What then was the response of the TUC, the leading workers’ protection organisation, to this robbery? It called a day of action, or rather activities. Via the official website, workers were offered a selection of pastimes such as a quiz on unpaid overtime or postcards and posters that could be downloaded and passed out to colleagues etc. They were also exhorted to take a full lunch break and leave work on time that day … there was even a ‘bossagram’ with which to send bosses an anonymous email “first thing on Friday 24 February telling them of the TUC ‘activity’ and advising them to take their staff to lunch or for a coffee or cocktail after work to say thanks for their effort”.
Brendan Barber, General Secretary of the TUC, in a press release on 16 February said: “Work Your Proper Hours Day is a light-hearted way of encouraging staff and managers to think about how they can work together to take on the UK’s damaging long hours culture.” So much for the social-democratic ‘defenders of the workers’, from whom we can expect only exhortations to workers to collude with employers and reject all militancy, especially Marxism Leninism.
Some may wonder what all the fuss is about when much unpaid overtime is often carried out by well-paid managers. It is true that corporate managers and senior officials top the list compiled by the TUC of workers, working unpaid overtime averaging 12 hours per week (HPW), but teaching professionals come a close second with a massive 11.36 HPW on average. Meanwhile, food preparation trades including butchers, bakers and cooks are listed as averaging 7.54 HPW, assemblers and routine workers including factory workers come in at 7.48 HPW, health professionals including doctors, dentists, vets and pharmacists average 7.06 HPW (the average for junior doctors on their own might have been interesting), construction trades including plumbers, brickies, joiners etc average 5.06 HPW, dockers and warehouse workers average 4.00 HPW, nurses and midwives etc average 3.42 HPW, nursing auxiliaries and care workers average 3.12 HPW, and nursery nurses and classroom assistants average 3.12 HPW in unpaid overtime.

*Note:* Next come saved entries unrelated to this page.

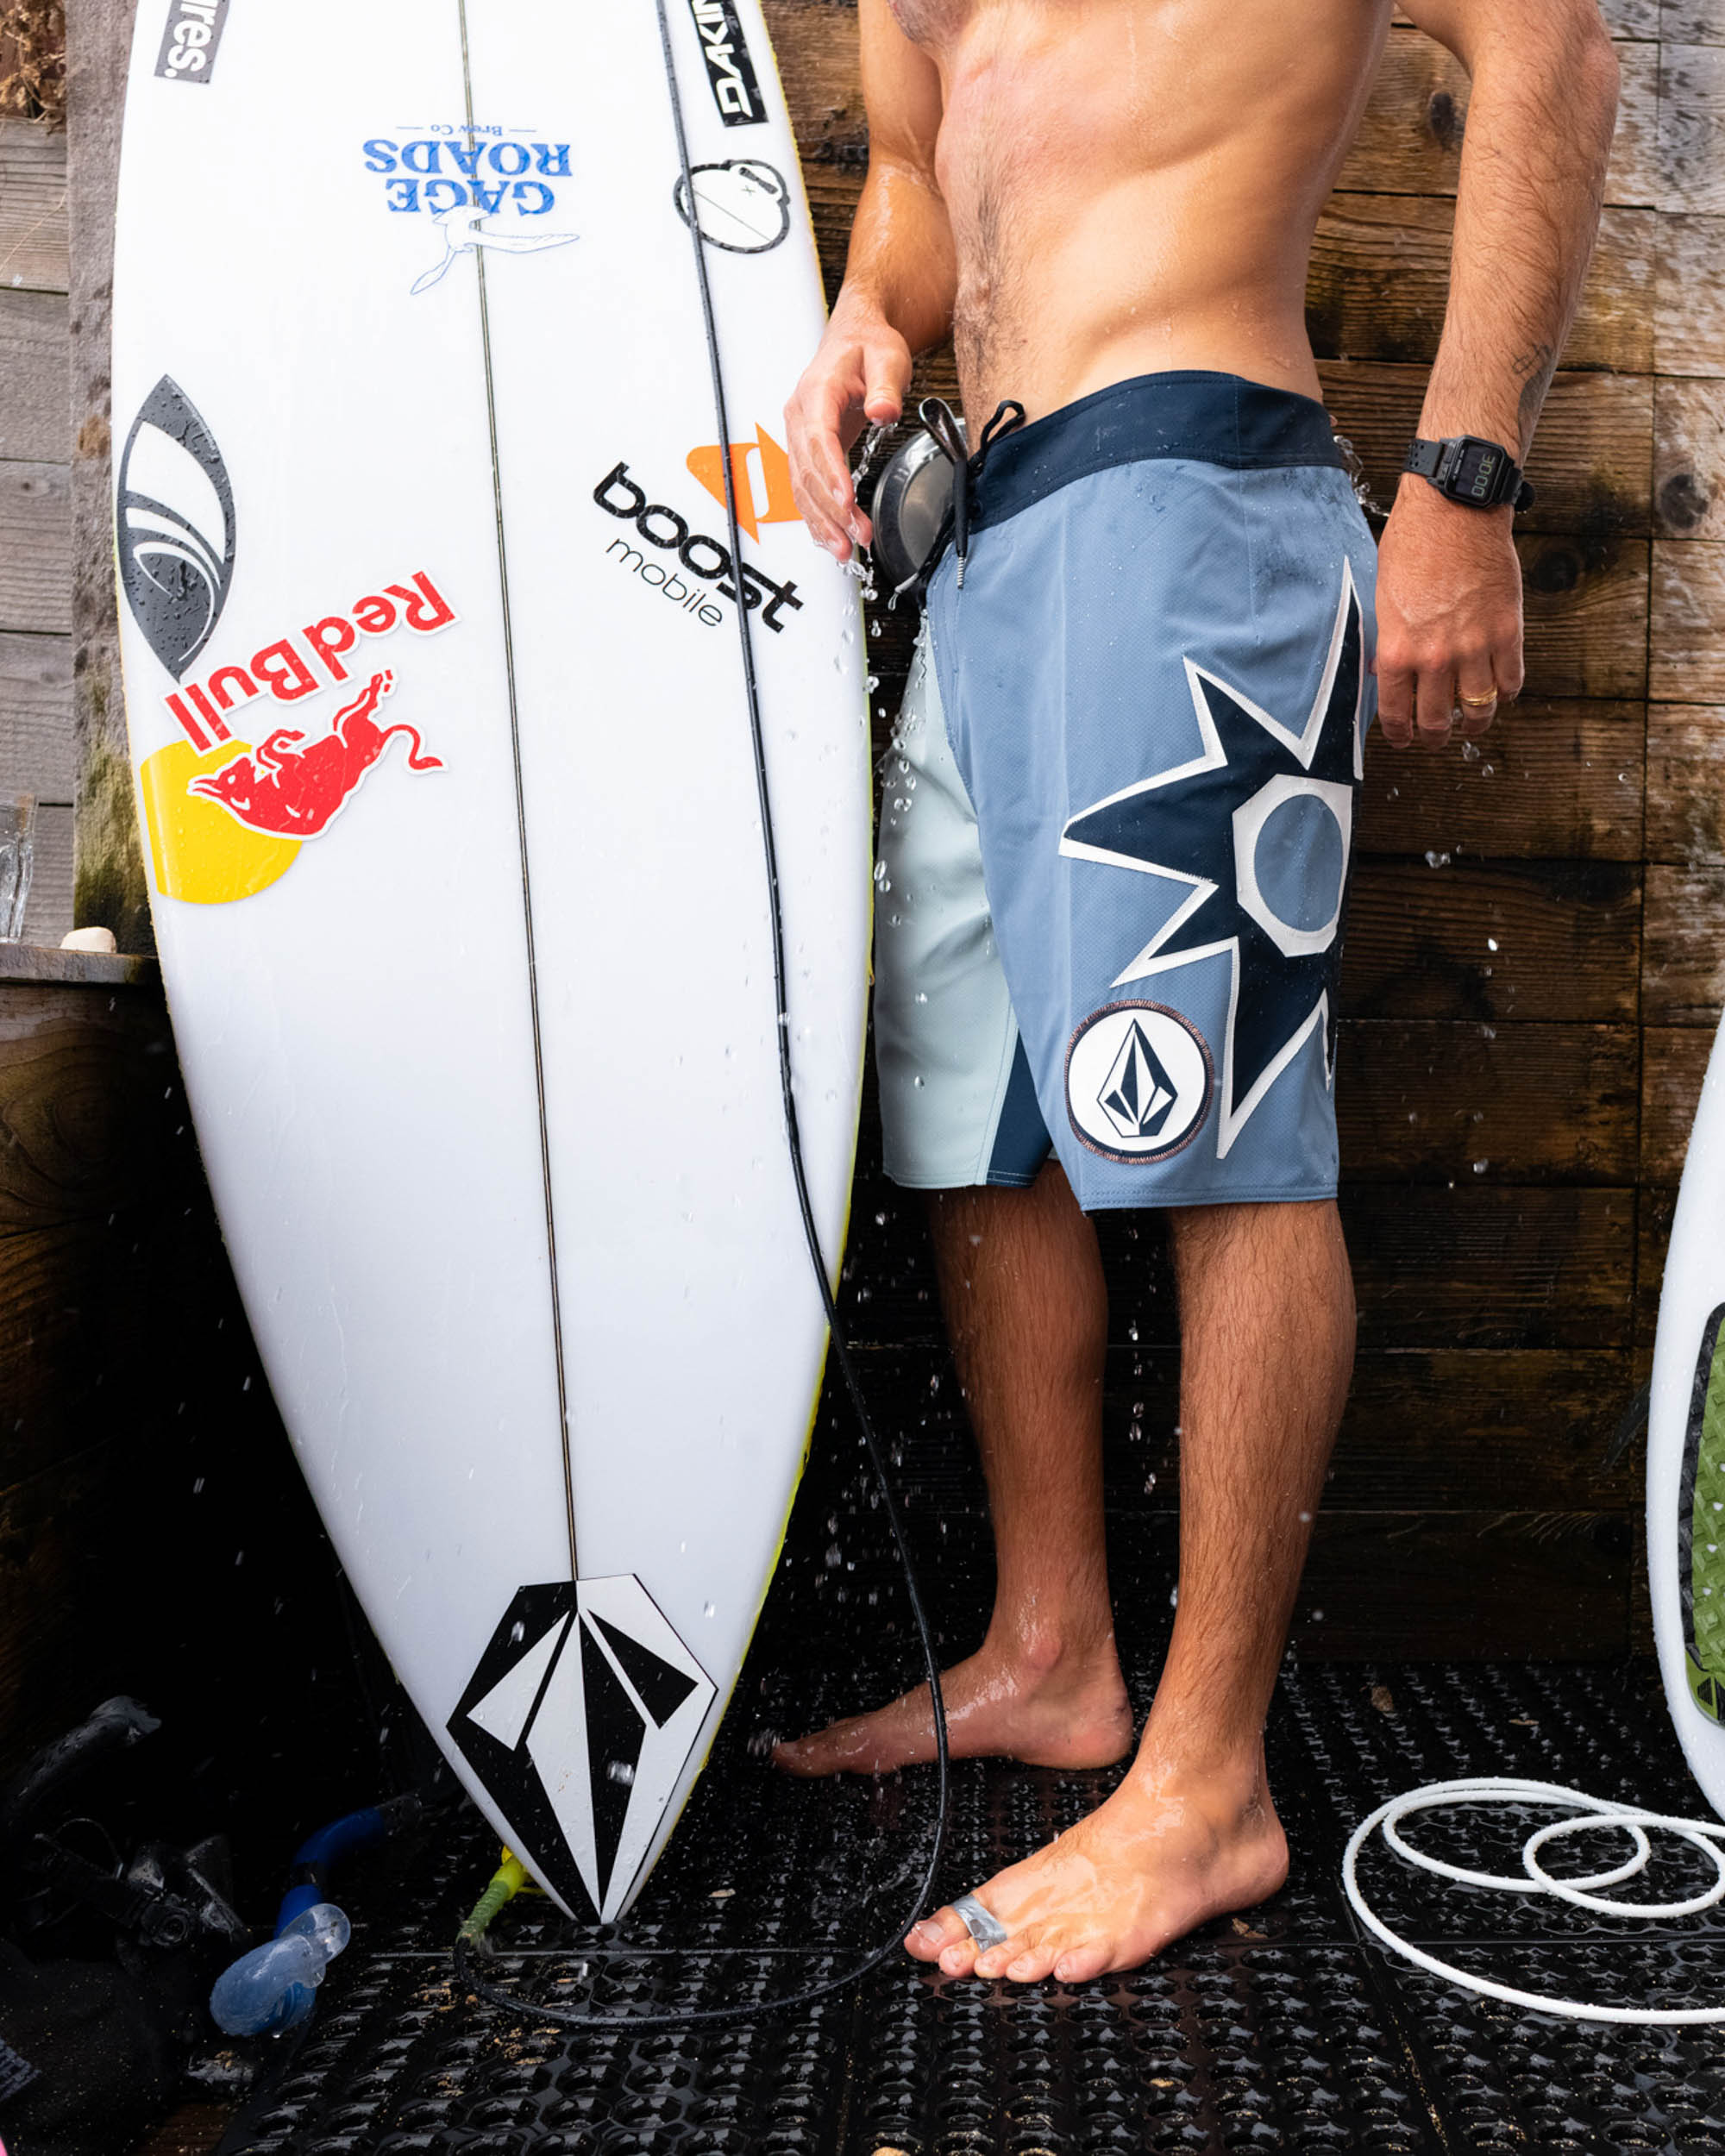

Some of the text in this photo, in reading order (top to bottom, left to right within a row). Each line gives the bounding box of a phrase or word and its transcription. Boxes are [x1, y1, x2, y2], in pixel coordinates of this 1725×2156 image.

[430, 124, 503, 137] Brew Co
[362, 139, 574, 176] ROADS
[386, 179, 555, 216] GAGE
[593, 460, 804, 634] boost
[605, 537, 724, 627] mobile

From these figures it can be seen that this problem cuts across all sections of workers to a greater or lesser extent and deserves to be dealt with seriously and honestly rather than with trivial tricks. Of course, there are examples of unpaid labour given freely within a socialist system, such as the subbotniks in the Soviet Union, who were of great benefit to the whole society and who were rightly lauded, but under capitalistic conditions unpaid overtime can only be of benefit to the individual employer, who seeks to increase profitability at the expense of the workforce. Employers are quite willing to do away with paid overtime, and even to reduce normal working hours, if greater mechanisation or a lack of demand mean that workers are not needed. This is not done for the benefit of the workers, however, but in the interests of maximum profit; even part-time workers will very often find themselves working unpaid overtime, since that is always in the interests of the capitalists’ bottom line!

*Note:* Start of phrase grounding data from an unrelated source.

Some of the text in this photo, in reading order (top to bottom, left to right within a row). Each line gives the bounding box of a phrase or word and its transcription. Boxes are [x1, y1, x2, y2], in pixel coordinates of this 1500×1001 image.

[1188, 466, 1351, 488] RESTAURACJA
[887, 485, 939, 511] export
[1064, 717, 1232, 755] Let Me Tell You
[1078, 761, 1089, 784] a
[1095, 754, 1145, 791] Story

Once any meaningful and serious consideration is given to the issue of unpaid overtime, it is only a short step to looking at the whole system of wages, under which workers are systematically robbed every day by capitalists, who keep the difference between the value created by their labour and the value of the wages they receive in remuneration. As Lenin put it in his article ‘The three sources and three component parts of Marxism’: “the worker uses one part of the labour day to cover the expense of maintaining himself and his family (wages), while the other part of the day the worker toils without remuneration, creating surplus value for the capitalist, the source of profit, the source of the wealth of the capitalist class”.

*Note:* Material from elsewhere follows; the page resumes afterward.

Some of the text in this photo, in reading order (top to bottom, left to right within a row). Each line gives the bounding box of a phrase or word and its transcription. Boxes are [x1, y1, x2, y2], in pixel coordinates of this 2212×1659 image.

This is the reason our opportunists of the TUC content themselves with “light-hearted” fun days; they are as terrified as the bourgeoisie of serious debate around these questions, since their own positions of privilege can only be maintained while capitalism exists. Communists, on the other hand, welcome the opportunity to lay bare the secrets of capitalist exploitation and, in so doing, help to arm the workers with the understanding they need to overthrow the decrepit wages system and replace it with socialism.